Exercise material:
----

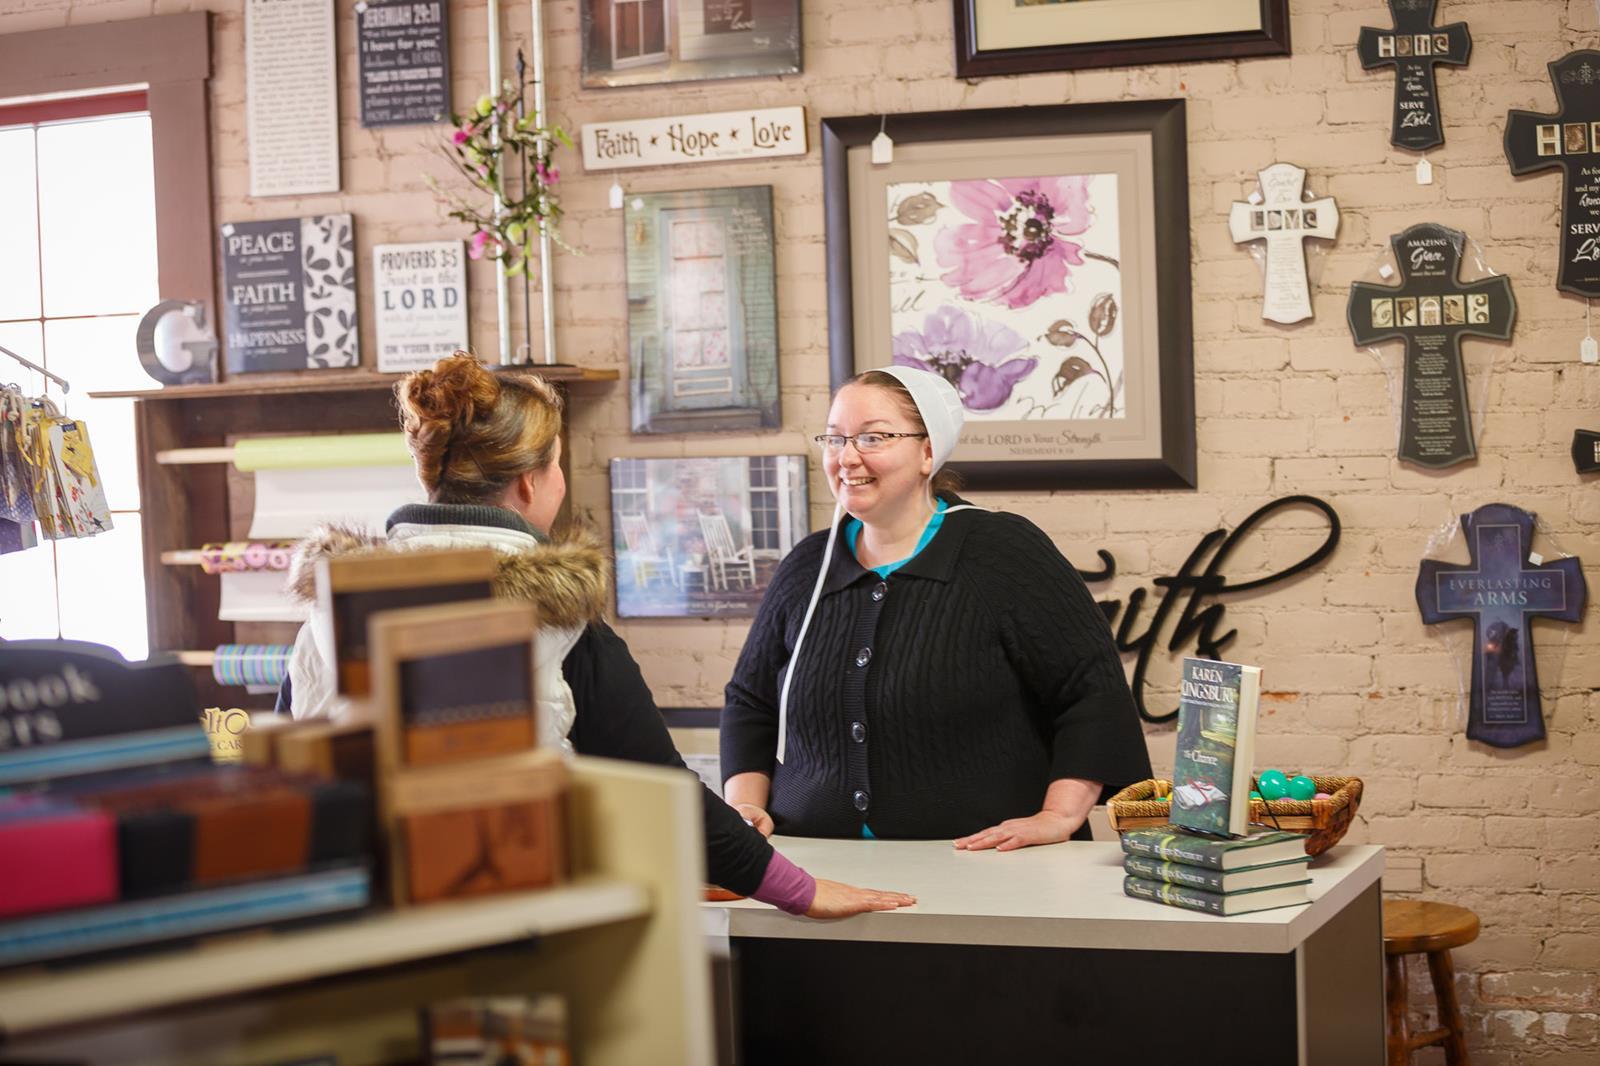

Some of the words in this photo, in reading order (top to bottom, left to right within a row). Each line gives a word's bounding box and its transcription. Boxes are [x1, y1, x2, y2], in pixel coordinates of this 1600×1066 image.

[363, 5, 412, 28] JEREMIAH
[594, 128, 642, 159] Faith
[667, 123, 719, 156] Hope
[751, 116, 792, 150] Love
[1570, 223, 1600, 235] SERV
[228, 231, 295, 256] PEACE
[1408, 239, 1447, 247] AMAZING
[380, 250, 437, 271] PROVERBS
[441, 248, 458, 269] 3:5
[232, 281, 296, 306] FAITH
[383, 287, 458, 311] LORD
[136, 299, 218, 385] G
[229, 328, 306, 348] HAPPINESS
[987, 434, 1023, 445] LORD
[1032, 433, 1054, 443] Your
[1449, 577, 1552, 591] EVERLASTING
[1474, 590, 1528, 606] ARMS
[1192, 666, 1223, 683] KAREN
[1192, 749, 1218, 766] Chance

----

Exercise aim: In transcribing the records, omit the pictures and keep everything else exactly as it appears.

Answer box:
Some of the words in this photo, in reading order (top to bottom, left to right within a row). Each line gives a word's bounding box and its transcription. Boxes are [x1, y1, x2, y2], in pixel coordinates of this 1600×1066 image.

[363, 5, 412, 28] JEREMIAH
[594, 128, 642, 159] Faith
[667, 123, 719, 156] Hope
[751, 116, 792, 150] Love
[1570, 223, 1600, 235] SERV
[228, 231, 295, 256] PEACE
[1408, 239, 1447, 247] AMAZING
[380, 250, 437, 271] PROVERBS
[441, 248, 458, 269] 3:5
[232, 281, 296, 306] FAITH
[383, 287, 458, 311] LORD
[136, 299, 218, 385] G
[229, 328, 306, 348] HAPPINESS
[987, 434, 1023, 445] LORD
[1032, 433, 1054, 443] Your
[1449, 577, 1552, 591] EVERLASTING
[1474, 590, 1528, 606] ARMS
[1192, 666, 1223, 683] KAREN
[1192, 749, 1218, 766] Chance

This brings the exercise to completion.